> Records
****
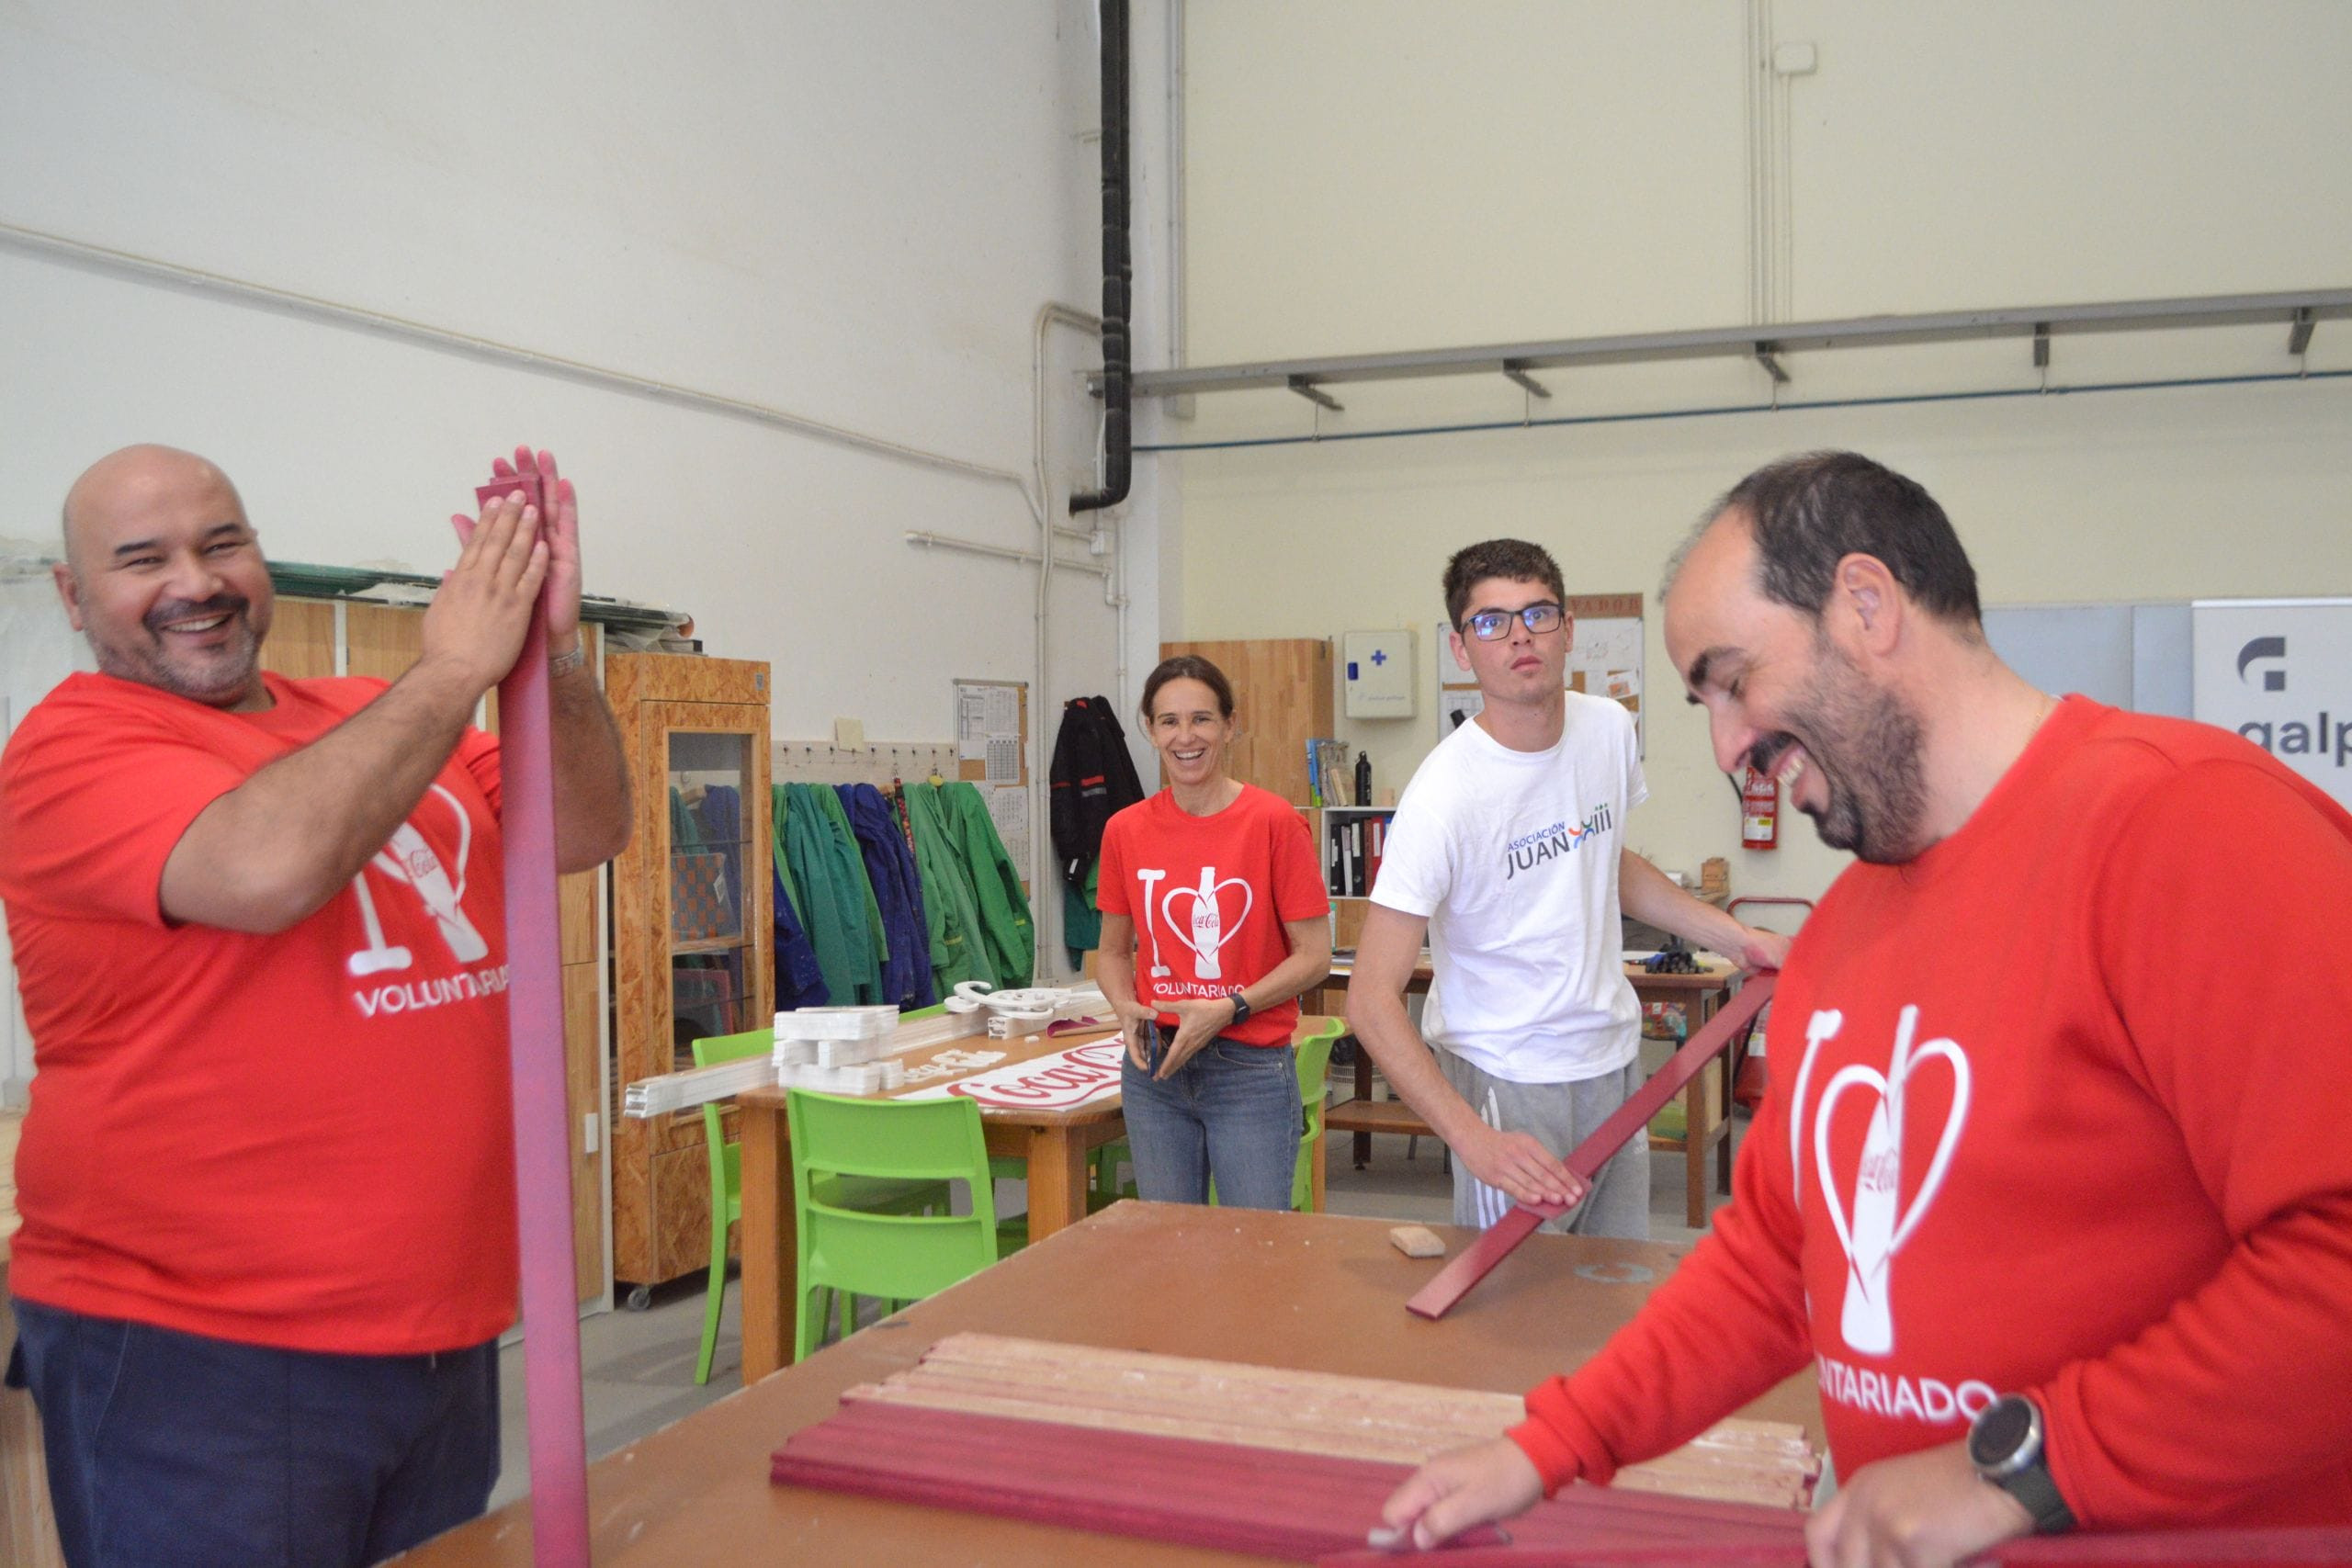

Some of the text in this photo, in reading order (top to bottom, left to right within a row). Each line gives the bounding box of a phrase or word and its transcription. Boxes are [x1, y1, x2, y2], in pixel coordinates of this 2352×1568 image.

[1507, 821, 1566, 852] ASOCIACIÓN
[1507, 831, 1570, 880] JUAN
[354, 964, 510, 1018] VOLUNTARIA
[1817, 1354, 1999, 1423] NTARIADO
****
> Task item
Once the pictures are set aside, the remaining data must be transcribed exactly.

> Result
Some of the text in this photo, in reading order (top to bottom, left to right within a row). Each line gives the bounding box of a phrase or word and its transcription. Boxes are [x1, y1, x2, y2], in pixel coordinates of this 2352×1568 image.

[1507, 821, 1566, 852] ASOCIACIÓN
[1507, 831, 1570, 880] JUAN
[354, 964, 510, 1018] VOLUNTARIA
[1817, 1354, 1999, 1423] NTARIADO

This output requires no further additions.